Erasure of Disabled Identity- Part Two

Lori is a blogger, model, and creative who lives with the rare condition - Ehlers Danlos Syndrome. She writes about topics such as mental health awareness, disability advocacy, and body liberation.



If you wish to find out more about Lori, you can read her blog posts on her website, follow her on Instagram and Patreon.


This is the second part to Lori’s two part series on erasure of disabled identity. Before you start reading this one, check out part one!


Approximately one year ago, I started to hear disabled creators talk about how they suspected they were being suppressed by algorithms because of the type of content they produce, as so many individuals from the same community where being unfairly targeted, and their engagement insights dropping. Whereas able bodied creators discussing related topics from an abled perspective where thriving - even if their content was less tame.


Understandably this was a concerning thing to hear about, as it meant that algorithms were either unintentionally or intentionally targeting and suppressing disabled creators in particular - especially disabled BIPOC individuals.


A few months ago I noticed a few Instagram accounts I follow were starting Patreons or migrating to different social media platforms because they simply felt that the effort they were putting into their content was too much for the limited reach it was having, however in December the platform announced they were going to be making changes to their terms of use, and this was particularly unsettling for many individuals in the body positivity, mental health awareness, and disabled communities - and as someone who identifies with all three, I was stressed to say the least. I reached out to a fellow disabled creator and we started to discuss an action plan and brainstorm ideas to be as careful as possible on the app, to avoid being erased as other accounts were reporting.


Aside from my insights dropping, my core audience was still very much active and present, and as the community had somewhat sounded the alarm to help support accounts and the work they did by engaging with, and boosting their work, everything seemed fine.

But on the morning of December 29th, I awoke to a text from my best friend saying that my Instagram account had been removed.


Initially I felt a surge of panic as this fear had been residing in the back of my mind, and I had been as careful as I could without shying away from important conversations about disabled life. The only explanation as to why this action had been taken was a pop-up whenever I tried to log in to the account, letting me know the account was disabled (the irony) for violating terms of service. Yet this in itself is vague and a guessing game to decipher which exact term you had breached, as the app withholds the right to disclose why they decided to remove the account.


However at this point I felt relatively optimistic and hopeful that I could get my account back, yet as the days passed with no response to the many reports myself and close friends had filed, I started to lose hope.

 

Deplatforming my work, and the audience I had accumulated after three years of hard work and dedication left me feeling like my work had no value, and that should I start again, I would be fighting a losing battle.

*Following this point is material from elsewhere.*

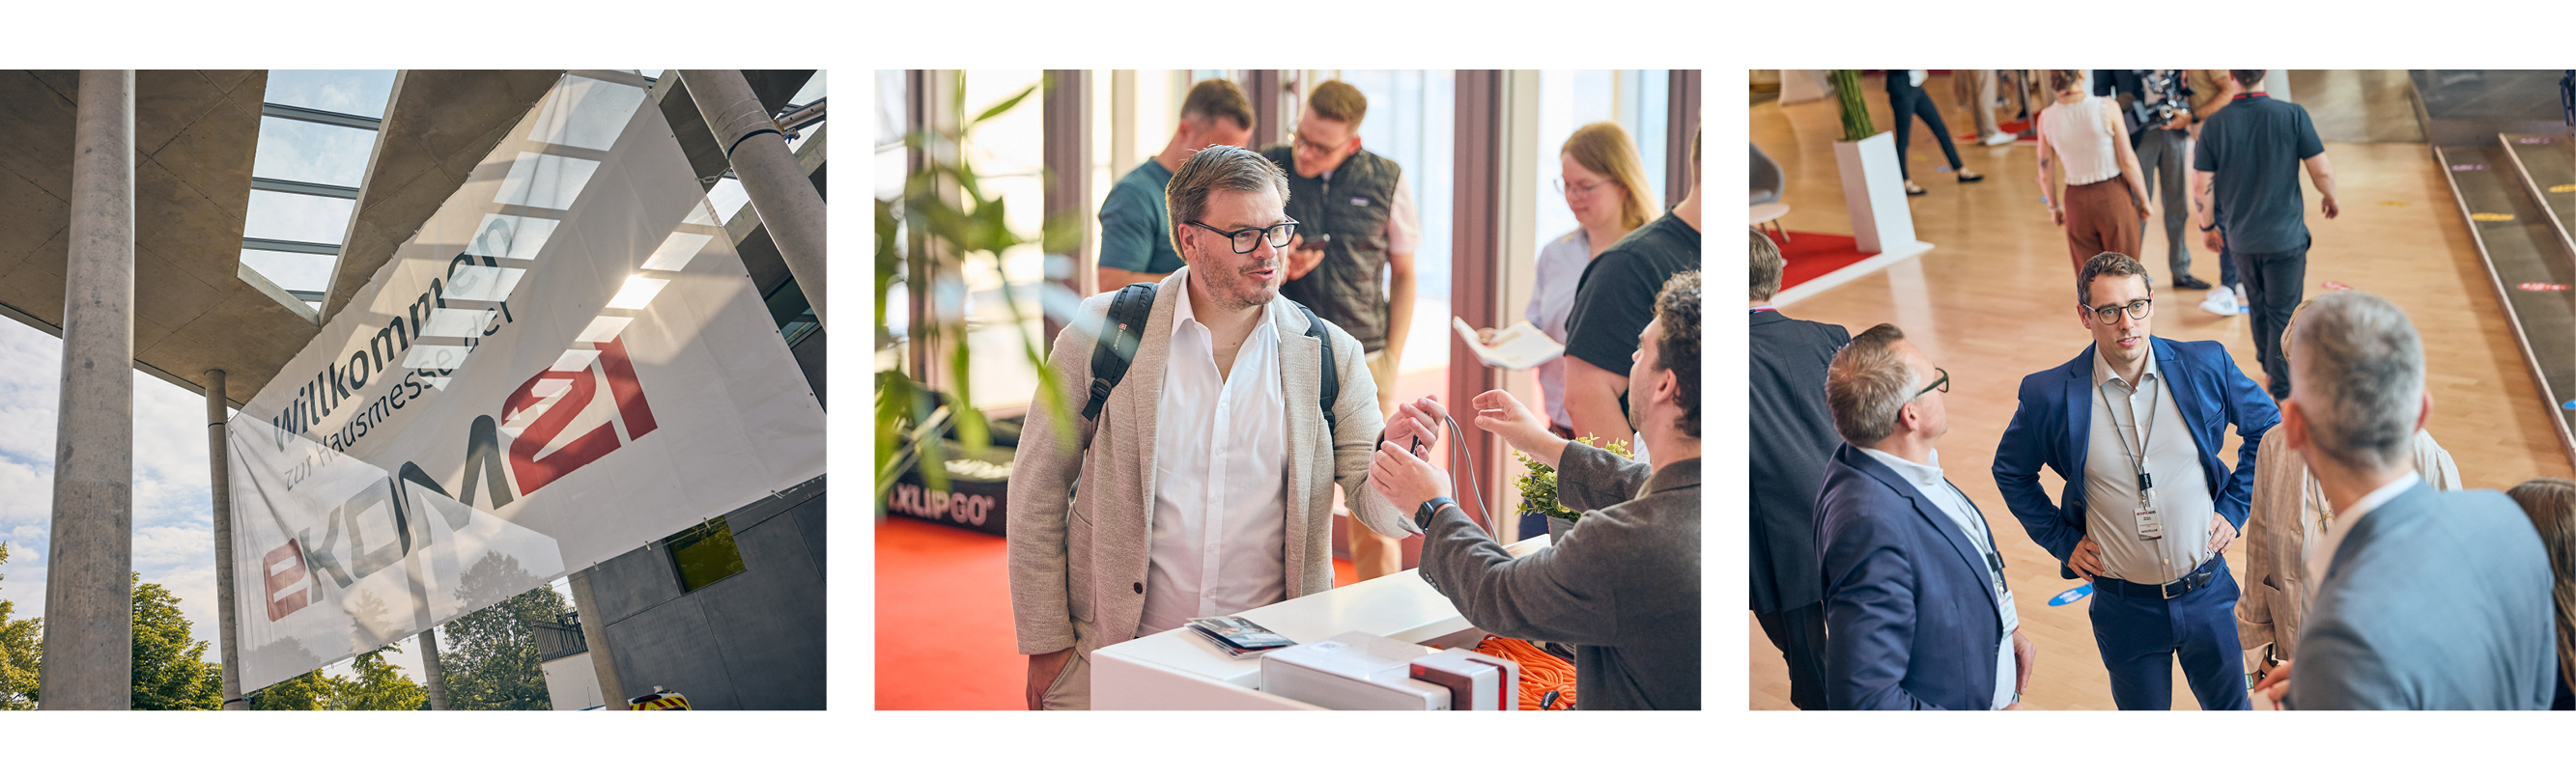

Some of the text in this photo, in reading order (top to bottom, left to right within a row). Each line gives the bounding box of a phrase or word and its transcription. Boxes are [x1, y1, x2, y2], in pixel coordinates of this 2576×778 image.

[273, 218, 513, 453] Willkommen
[284, 292, 513, 491] zur Hausmesse der

Admittedly I was angry, especially seeing as so many able bodied creators - much larger than the following I had - seem to get away with content the same as mine, or more explicit than my work has ever been - even though it was still valid.

 

However as time went on, I realised that I longed to get back to what I love, which is writing - and I truly missed my chronic illness friends, who I have the pleasure of knowing and adoring - so I started a new account, posting the same content I would have done previously - with a few tweaks.

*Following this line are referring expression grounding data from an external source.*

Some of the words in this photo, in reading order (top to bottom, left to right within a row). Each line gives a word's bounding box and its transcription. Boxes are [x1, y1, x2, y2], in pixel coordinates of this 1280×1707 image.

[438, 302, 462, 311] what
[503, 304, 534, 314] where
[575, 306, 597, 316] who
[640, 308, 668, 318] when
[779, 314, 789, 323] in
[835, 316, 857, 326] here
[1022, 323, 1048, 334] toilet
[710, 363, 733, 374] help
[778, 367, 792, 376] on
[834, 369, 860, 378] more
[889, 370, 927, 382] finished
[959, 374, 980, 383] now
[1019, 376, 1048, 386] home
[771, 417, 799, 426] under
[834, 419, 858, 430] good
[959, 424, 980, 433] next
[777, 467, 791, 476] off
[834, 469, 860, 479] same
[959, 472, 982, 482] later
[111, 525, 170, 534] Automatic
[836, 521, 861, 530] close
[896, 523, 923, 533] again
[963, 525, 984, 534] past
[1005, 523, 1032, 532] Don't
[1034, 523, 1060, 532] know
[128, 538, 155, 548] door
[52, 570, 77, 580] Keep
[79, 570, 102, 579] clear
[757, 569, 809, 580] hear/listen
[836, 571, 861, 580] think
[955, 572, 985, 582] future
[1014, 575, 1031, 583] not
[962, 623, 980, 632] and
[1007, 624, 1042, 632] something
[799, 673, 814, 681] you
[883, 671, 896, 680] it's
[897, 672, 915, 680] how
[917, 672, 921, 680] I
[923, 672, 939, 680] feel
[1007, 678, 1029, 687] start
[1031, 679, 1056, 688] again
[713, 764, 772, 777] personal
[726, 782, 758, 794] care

I don’t believe that silencing myself on issues I feel are important to create positive and proactive discourse around would be a productive, or healthy thing to do - especially gauging the overwhelming response of support from the community, who are always so receptive and pleased to see topics such as disabled body politics, and sexual well being discussed; considering the community are often left out of these conversations in the mainstream. Yet I still don’t want to risk losing an audience again if I can help it - hence why I took a leaf out of other creators' books and started my own Patreon, and reconnected with the core reasons why I started my blog in the first place.

 

As a firm believer in finding the silver lining in every cloud, I’d like to finish this post reflecting on the primary lessons I have taken from this experience.

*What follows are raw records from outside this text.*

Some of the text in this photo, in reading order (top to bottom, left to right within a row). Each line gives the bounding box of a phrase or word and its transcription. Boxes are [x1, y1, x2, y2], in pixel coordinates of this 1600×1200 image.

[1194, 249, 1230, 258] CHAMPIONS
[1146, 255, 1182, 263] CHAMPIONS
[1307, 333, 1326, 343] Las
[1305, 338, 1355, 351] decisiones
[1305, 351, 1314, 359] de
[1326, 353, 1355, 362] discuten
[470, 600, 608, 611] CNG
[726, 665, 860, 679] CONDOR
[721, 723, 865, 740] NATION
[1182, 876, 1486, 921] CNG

  1. Even though your feelings of sadness and defeat are valid, and worthy of support - these feelings are only temporary, affirm your worth and reach out to your community, because you are appreciated and supported.
  2. Your art has value, and as a disabled creator - just because you may not be able to produce work at the same pace as your abled counterparts, your value is not lesser than for it.
  3. You truly do grow through what you go through, take each day at a time and remind yourself of all the times you have overcome obstacles and difficulties you thought undefeatable.

 

Read a blog post I published to discover “How to support your disabled creators”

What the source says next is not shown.